▶ Given records:
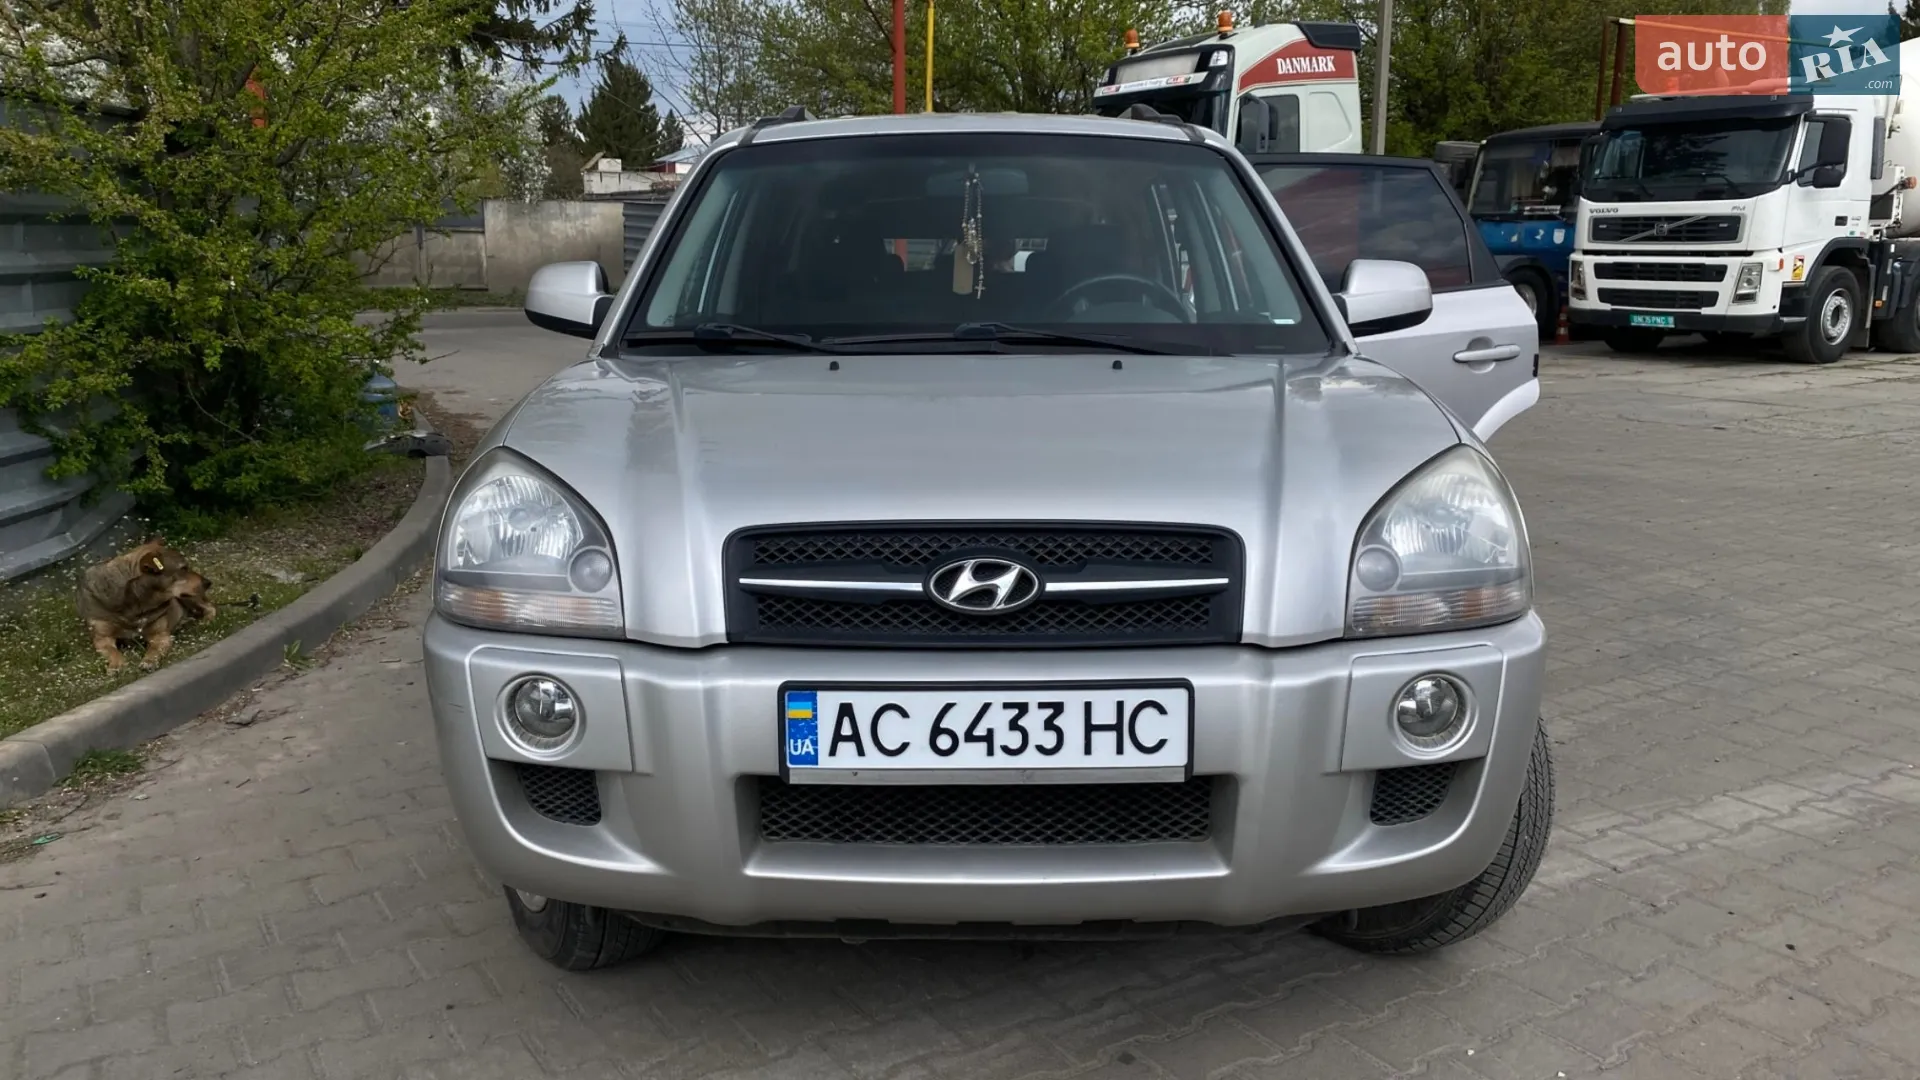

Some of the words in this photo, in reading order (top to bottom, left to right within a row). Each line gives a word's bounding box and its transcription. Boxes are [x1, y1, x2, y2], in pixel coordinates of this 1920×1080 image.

[1276, 55, 1336, 75] DANMARK
[828, 702, 911, 757] AC
[929, 701, 1064, 757] 6433
[1083, 700, 1168, 756] HC
[790, 738, 816, 756] UA

▶ Your task: Output the records above verbatim. Pictures stay out.

▶ Solution for this exercise:
Some of the words in this photo, in reading order (top to bottom, left to right within a row). Each line gives a word's bounding box and its transcription. Boxes are [x1, y1, x2, y2], in pixel coordinates of this 1920×1080 image.

[1276, 55, 1336, 75] DANMARK
[828, 702, 911, 757] AC
[929, 701, 1064, 757] 6433
[1083, 700, 1168, 756] HC
[790, 738, 816, 756] UA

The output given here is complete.